Thursday, 21 November 2013

The pulse of the pulse

With such a new patch, I have deliberately tried to grow lots of pulses. As well as harvesting them for food I am growing them for their ability to provide fertility thru their nitrogen fixing properties.

Today's pick of pulses (loads of broad beans and some snow peas) came in cradled in my home-made paisley frock! I so often forget to grab the basket when I hit Fortress Wallaby, mostly because I intend to go for a stroll rather than pick!

The broad bean patch is now looking very tatty - soon I will turn  the de-beaned plants into the soil and let it  stew a for a bit while I think of what to plant in the nitrogen richer spot.

I took a slightly different approach with the spent sugar snaps. When they had finished producing I cut the plants off at ground level leaving the nitrogen fixing nodules on the roots in the ground and then put the contents of a compost bin on top.

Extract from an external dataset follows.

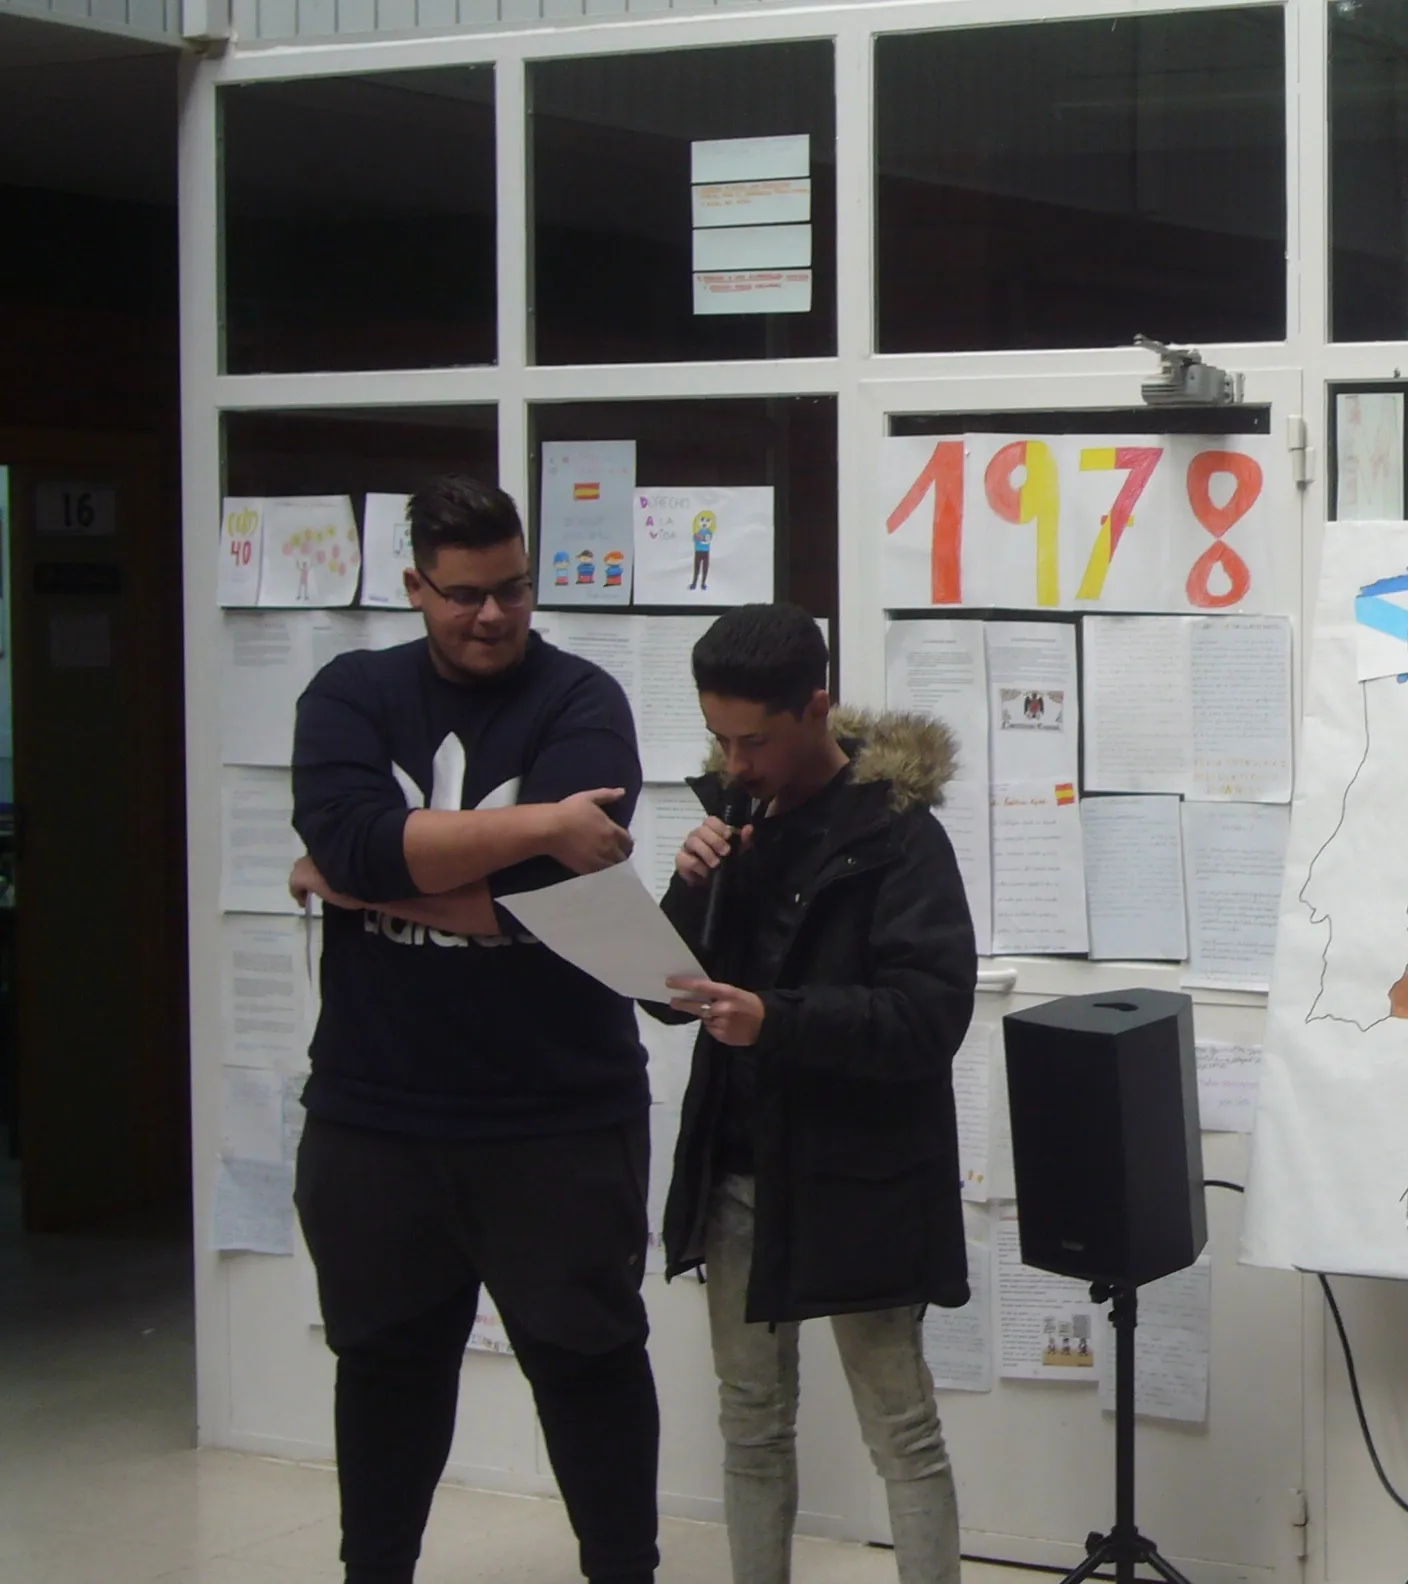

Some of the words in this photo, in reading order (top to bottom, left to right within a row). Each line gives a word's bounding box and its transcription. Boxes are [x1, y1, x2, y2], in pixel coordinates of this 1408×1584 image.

[61, 492, 96, 528] 16
[886, 440, 1263, 608] 1978
[230, 540, 252, 568] 40
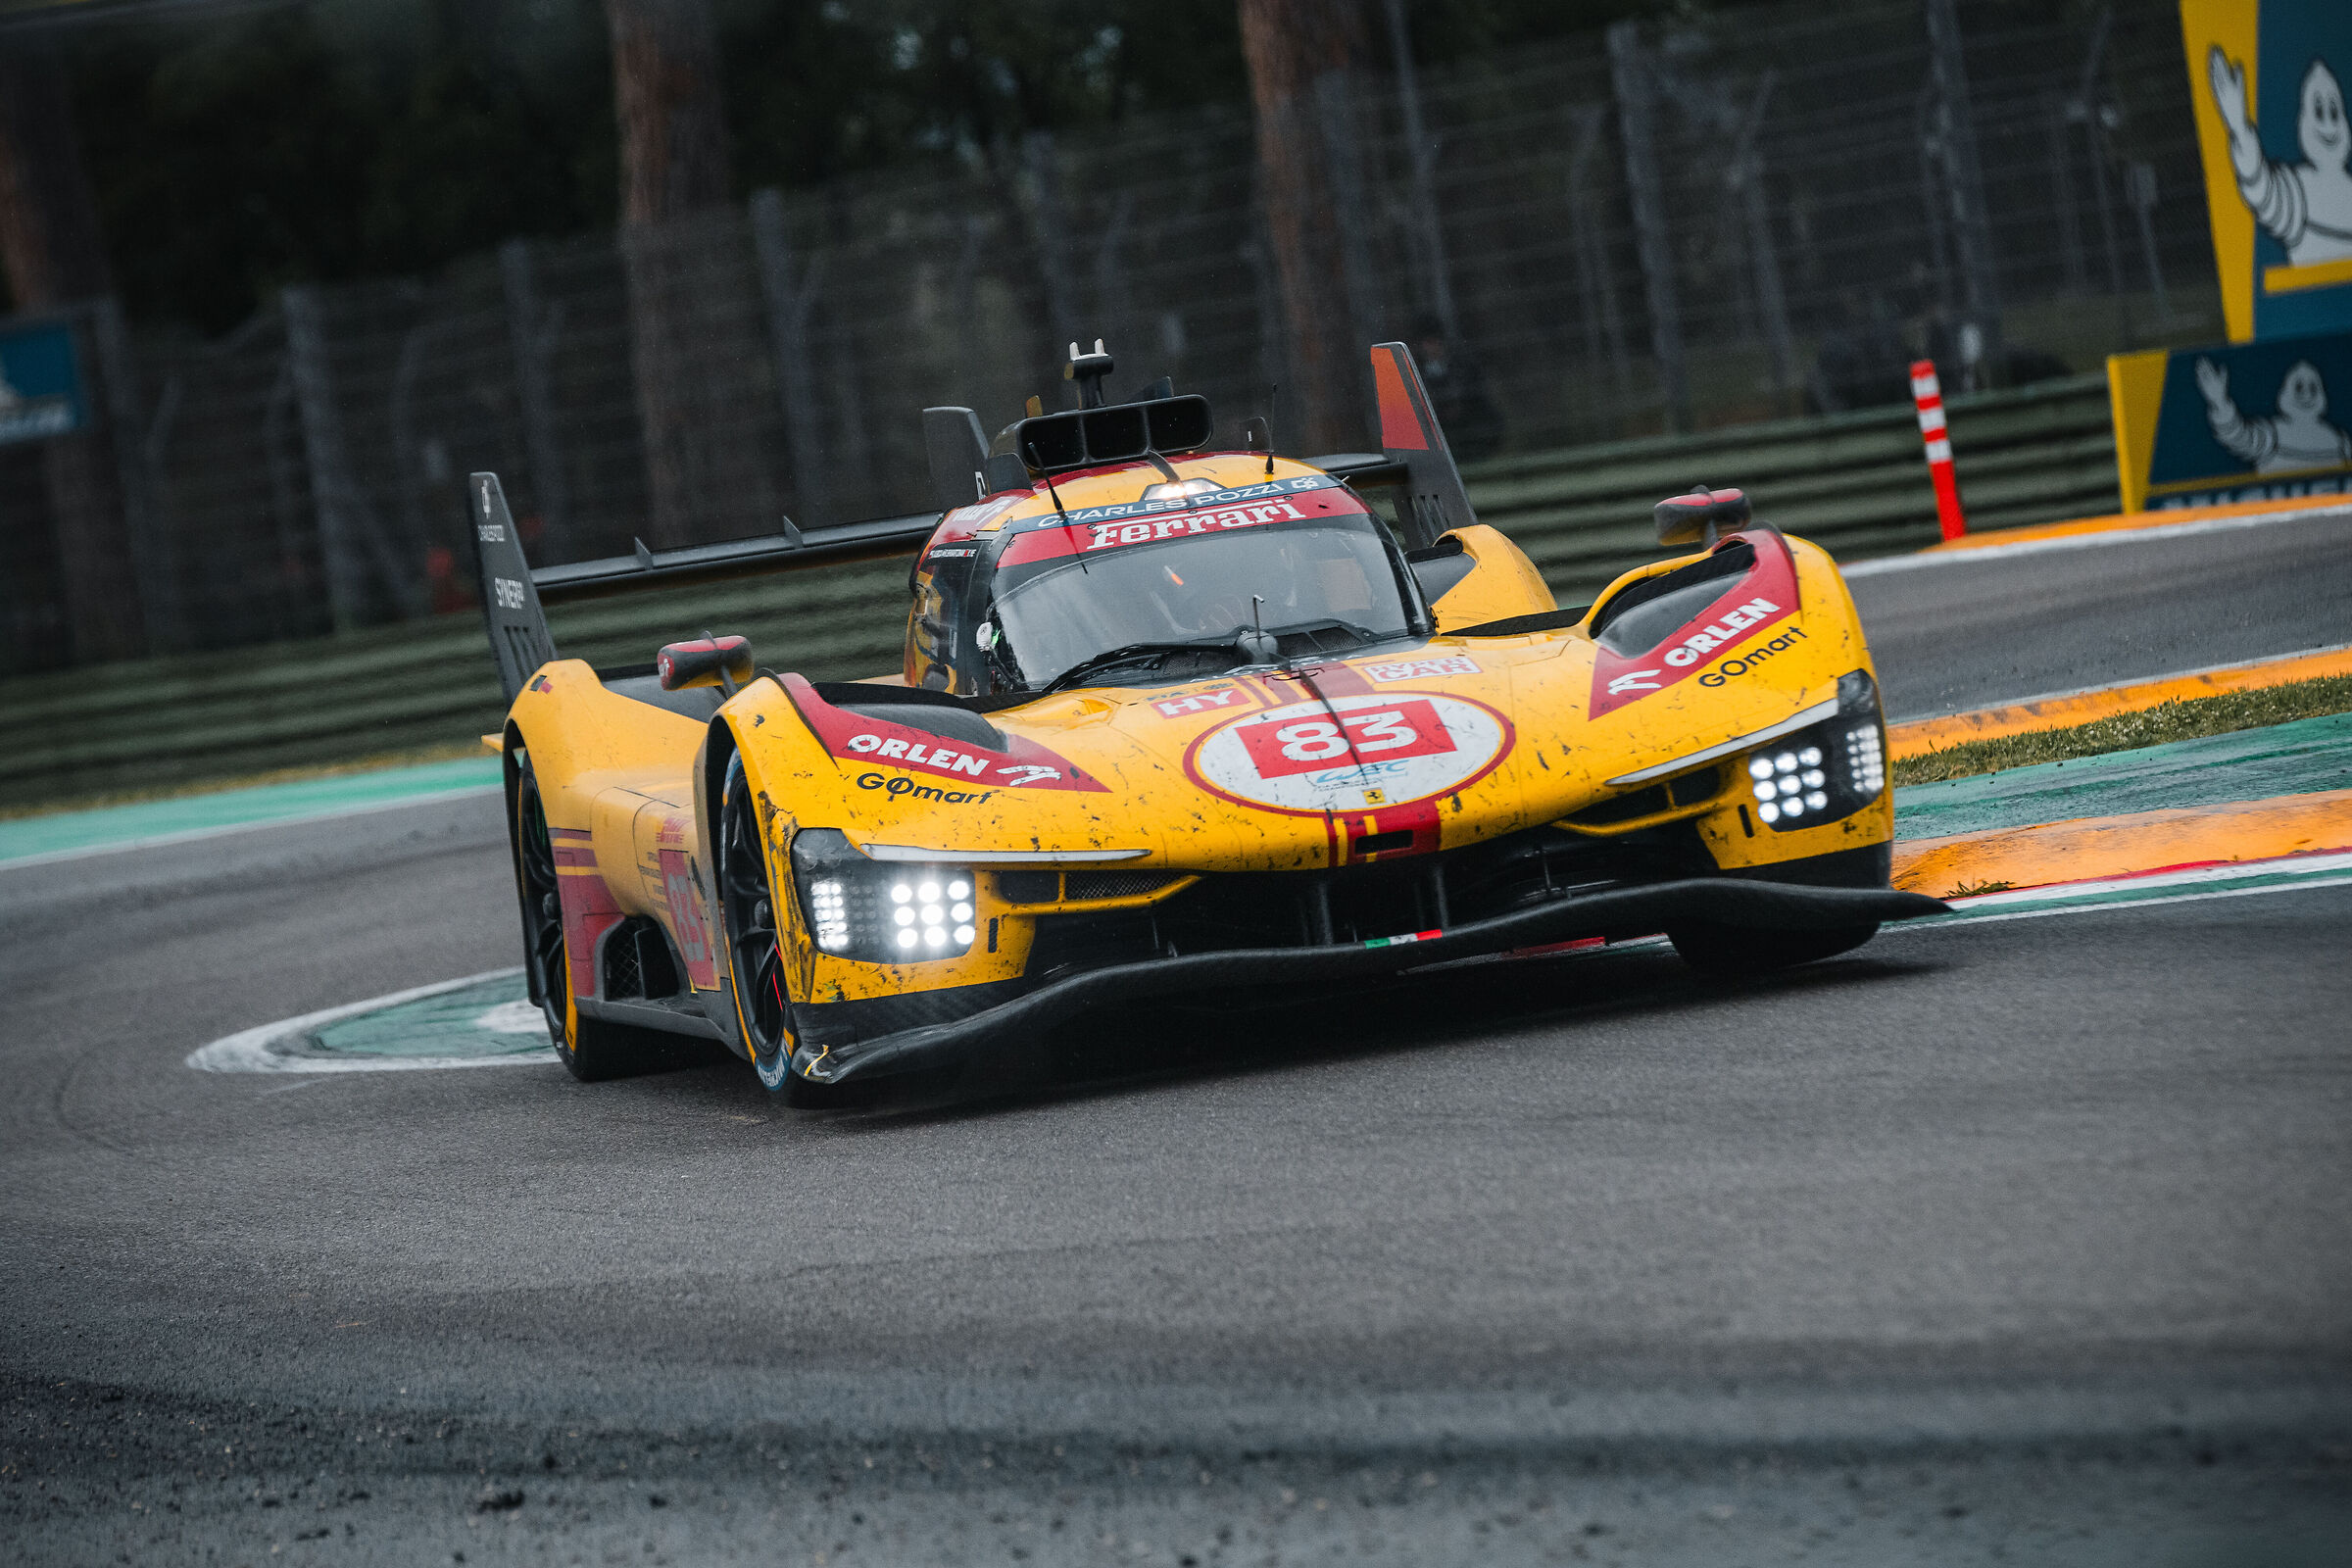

Note the be-sandled toes of the peasant! Something pulsey will go in here soon or maybe cucumbers?

I used the tops of the sugar snaps as a mulch for the tomatoes.

Other pulses I have in are some borlotti.

They are at two different stages of development - some of the plants got knocked over in a very late frost and the younger ones are from me re-planting the spaces left behind by the frosted-off plants.

I also have some climbing  'Purple King' in which seem to be doing very well.  I am enjoying the purple stems very much.

 In front of them are some 'Hawkesbury Wonder' bush beans which were also knocked around by that same late frost and so the gaps in the bed...more have gone in.

I am picking a small crop of snow peas right now ( as you saw above).

They wont go for much longer - as the heat creeps up the plants fade.

I also have in a row of 'Kentucky Wonder' - thanks Nina.

These too would have been more advanced except that late October frost did all of the Wonders from Kentucky in! Well, at least these little wonders are looking quite healthy!

What pulses do you have in... what should I grow that I am not?


  1. You seem to have a lot of legumey bases covered! I'm trying snake beans this year, amongst the corn.

    1. OOh, snake beans! Nice idea, they get fabulously long don't they? And a great choice for amongst the corn! That's something I've got to get going - the beans in the corn thing. Look forward to hearing how they go.

  2. I just sowed some broadbeans (favas) a couple days ago and my sugarsnap peas just started to produce and there's a very late planting of snowpeas going. Do you grow any shelling or dry beans? I've been experimenting with Cicerchia, aka Chickling Vetch, but I've not had a lot of success, I'm not sure when to grow them, I thought they would prefer cool weather but now I think they may prefer warm weather. I also want to try chickpeas one of these days.

    1. I've got borlotti in which I grow to dry... but I really should try some others as I do really like beany dishes over winter. Thanks for prompting me on them. Love the sound of Chickling Vetch!

  3. I've but in some 'Majestic' Butter Beans, Kentucky Wonder (from Nina), some Lazy Housewife and I think some Purple King. All are up and the climbers are climbing but none have purple stems but then I don't remember my purple kings having purple stems last year either. Perhaps I got the boring version (either that or my memory is fading really badly....)

    1. Butter beans, that's what I need! I did have a whole lot of 'Sex on Strings' yellow bush beans but all of them were hit by the October frost - that's why the 'Hawkesbury Wonder' went in. Oh shame about the lack of purple stems, they are so pretty I think and the leaves seem darker than the other beans too.

  4. Your legumes are looking fabulous. I also have broad beans, but mine just self seed and as I don't really love them I don't specifically sow them and just have whatever comes up on its own. I have climbing beans Purple King, Blue Lake, Rattlesnake and Kentucky Wonder, bush beans Polo, Butter Bean and Valentine, and the storing beans Borlotti and Yin Yang beans.

    1. That's it I need butter beans and more drying beans... I can feel a visit to the nursery of a flick thru the catalogues coming on.

      I haver learnt to love the Broad Bean. It was one particular dish that did it for me. When I lived in the big smoke I used to go to a little restaurant in Newtown that had a tapas style menu. One of my favourites was a steamed broad bean dish with the outer skins slit. The beans were young and tasty especially when drizzled with good olive oil, black pepper and shaved parmesan. It was eaten with the fingers, sucking the inner bean out. Yum. We've been eating them that way at home as a tasty starter.